Document Loaders: Ingesting Text from Sources

Document loaders read from various sources and return a list of Document objects:

from langchain_community.document_loaders import PyPDFLoader, TextLoader, WebBaseLoader

# Load a PDF
pdf_loader = PyPDFLoader("document.pdf")
documents = pdf_loader.load()

# Load a plain text file
text_loader = TextLoader("notes.txt")
documents = text_loader.load()

# Load from a web page
web_loader = WebBaseLoader("https://python.langchain.com/docs/")
documents = web_loader.load()

print(documents[0].page_content) # The text
print(documents[0].metadata) # Source, page number, etc.

Common loaders:

  • PyPDFLoader: PDF files
  • CSVLoader: CSV data
  • DirectoryLoader: Multiple files from a directory
  • WebBaseLoader: Web pages
  • GitHubRepositoryLoader: GitHub repos
  • UnstructuredURLLoader: HTML with fallback parsing

Text Splitters: Chunking Documents

Large documents must be split into chunks that fit the model's context window and retrieve relevant passages:

from langchain_text_splitters import RecursiveCharacterTextSplitter

# Create a splitter
splitter = RecursiveCharacterTextSplitter(
chunk_size=1000, # Characters per chunk
chunk_overlap=200, # Overlap between chunks to preserve context
separators=["\n\n", "\n", " ", ""] # Split on paragraphs first, then sentences, then words
)

# Split documents
chunks = splitter.split_documents(documents)

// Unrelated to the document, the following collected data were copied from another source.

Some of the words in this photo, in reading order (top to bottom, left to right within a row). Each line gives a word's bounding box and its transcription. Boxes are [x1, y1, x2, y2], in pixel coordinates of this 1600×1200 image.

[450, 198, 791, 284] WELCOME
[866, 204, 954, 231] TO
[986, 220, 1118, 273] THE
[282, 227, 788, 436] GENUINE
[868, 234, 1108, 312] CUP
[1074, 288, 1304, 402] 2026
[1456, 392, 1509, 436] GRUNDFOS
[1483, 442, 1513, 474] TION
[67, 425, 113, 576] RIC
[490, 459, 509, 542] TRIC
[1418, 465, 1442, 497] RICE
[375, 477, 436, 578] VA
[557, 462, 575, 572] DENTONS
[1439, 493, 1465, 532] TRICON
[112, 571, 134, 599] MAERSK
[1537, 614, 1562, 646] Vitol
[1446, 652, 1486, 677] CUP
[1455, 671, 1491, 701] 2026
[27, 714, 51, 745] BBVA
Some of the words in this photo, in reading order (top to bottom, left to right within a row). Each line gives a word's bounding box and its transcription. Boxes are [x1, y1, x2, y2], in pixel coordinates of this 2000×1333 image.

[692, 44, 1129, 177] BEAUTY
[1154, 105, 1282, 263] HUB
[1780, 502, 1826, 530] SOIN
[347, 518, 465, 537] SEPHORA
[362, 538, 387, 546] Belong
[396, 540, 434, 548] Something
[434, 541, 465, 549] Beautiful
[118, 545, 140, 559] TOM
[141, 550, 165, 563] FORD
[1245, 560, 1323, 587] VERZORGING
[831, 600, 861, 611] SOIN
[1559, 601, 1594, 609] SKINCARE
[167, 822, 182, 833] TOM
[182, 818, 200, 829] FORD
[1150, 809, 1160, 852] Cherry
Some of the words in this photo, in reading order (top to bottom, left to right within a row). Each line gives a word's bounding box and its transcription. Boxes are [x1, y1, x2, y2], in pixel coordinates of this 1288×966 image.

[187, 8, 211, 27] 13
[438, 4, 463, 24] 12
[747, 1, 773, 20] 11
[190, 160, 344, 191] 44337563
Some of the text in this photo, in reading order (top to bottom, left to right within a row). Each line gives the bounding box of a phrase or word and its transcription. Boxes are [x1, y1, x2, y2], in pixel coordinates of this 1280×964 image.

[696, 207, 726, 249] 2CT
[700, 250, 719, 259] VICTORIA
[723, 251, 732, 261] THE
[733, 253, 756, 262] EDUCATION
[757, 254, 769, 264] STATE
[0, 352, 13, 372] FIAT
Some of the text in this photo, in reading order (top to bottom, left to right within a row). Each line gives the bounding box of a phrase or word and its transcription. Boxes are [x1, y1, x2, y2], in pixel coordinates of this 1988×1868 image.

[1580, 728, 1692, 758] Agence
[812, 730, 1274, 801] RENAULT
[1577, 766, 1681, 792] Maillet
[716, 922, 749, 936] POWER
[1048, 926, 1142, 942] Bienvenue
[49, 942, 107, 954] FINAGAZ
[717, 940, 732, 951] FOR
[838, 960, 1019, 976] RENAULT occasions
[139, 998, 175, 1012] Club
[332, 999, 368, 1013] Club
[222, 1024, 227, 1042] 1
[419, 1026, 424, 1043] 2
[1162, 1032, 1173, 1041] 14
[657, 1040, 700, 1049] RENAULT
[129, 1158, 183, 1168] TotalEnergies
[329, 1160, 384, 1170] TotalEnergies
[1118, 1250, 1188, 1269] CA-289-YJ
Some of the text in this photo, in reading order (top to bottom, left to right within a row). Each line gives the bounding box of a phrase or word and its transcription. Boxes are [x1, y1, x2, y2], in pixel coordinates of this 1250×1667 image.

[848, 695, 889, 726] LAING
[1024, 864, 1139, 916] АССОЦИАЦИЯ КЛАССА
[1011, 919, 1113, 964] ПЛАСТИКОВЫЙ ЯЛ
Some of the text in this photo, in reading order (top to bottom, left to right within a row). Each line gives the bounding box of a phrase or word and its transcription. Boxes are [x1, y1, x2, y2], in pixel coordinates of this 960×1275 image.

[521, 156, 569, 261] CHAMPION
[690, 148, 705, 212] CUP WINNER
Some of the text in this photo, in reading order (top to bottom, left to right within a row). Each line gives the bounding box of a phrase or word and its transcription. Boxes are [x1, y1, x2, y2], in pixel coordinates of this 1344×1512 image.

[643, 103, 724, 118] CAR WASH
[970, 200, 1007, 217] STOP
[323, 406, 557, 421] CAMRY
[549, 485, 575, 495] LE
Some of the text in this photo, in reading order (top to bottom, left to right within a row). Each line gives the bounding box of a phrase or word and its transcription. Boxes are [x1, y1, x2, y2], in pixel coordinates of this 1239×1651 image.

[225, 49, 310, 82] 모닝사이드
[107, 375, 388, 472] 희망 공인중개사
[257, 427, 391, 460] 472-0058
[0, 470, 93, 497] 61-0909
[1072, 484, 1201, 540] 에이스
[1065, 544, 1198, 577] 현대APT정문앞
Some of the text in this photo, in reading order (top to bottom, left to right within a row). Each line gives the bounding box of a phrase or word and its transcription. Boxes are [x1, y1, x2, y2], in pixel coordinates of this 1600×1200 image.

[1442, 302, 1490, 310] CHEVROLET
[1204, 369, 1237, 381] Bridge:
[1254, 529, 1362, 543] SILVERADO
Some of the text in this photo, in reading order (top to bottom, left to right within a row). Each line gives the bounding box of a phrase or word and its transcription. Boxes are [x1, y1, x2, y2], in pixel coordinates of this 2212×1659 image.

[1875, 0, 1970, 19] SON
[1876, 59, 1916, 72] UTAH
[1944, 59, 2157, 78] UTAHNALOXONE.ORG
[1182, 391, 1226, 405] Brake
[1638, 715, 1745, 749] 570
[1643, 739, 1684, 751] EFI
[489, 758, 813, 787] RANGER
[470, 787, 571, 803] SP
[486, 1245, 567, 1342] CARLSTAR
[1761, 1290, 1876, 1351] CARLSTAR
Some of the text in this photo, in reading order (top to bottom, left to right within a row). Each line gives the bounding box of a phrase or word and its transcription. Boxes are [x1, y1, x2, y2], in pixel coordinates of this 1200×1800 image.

print(f"Created {len(chunks)} chunks")
print(f"First chunk: {chunks[0].page_content[:200]}...")

Key parameters:

  • chunk_size: Larger = more context per chunk, fewer searches needed; smaller = more granular retrieval
  • chunk_overlap: Prevents important information from being cut off
  • separators: Order matters—split on logical boundaries first

For code or structured text, use Language-specific splitters:

from langchain_text_splitters import Language, RecursiveCharacterTextSplitter

code_splitter = RecursiveCharacterTextSplitter.from_language(
language=Language.PYTHON,
chunk_size=512,
chunk_overlap=100
)

code_chunks = code_splitter.split_text(python_code)

Embeddings: Converting Text to Vectors

Embeddings convert text into numerical vectors that capture semantic meaning. Similar texts have similar vectors:

from langchain_openai import OpenAIEmbeddings
from langchain_community.embeddings import OllamaEmbeddings

# Use OpenAI embeddings (requires API key)
embeddings = OpenAIEmbeddings(model="text-embedding-3-small")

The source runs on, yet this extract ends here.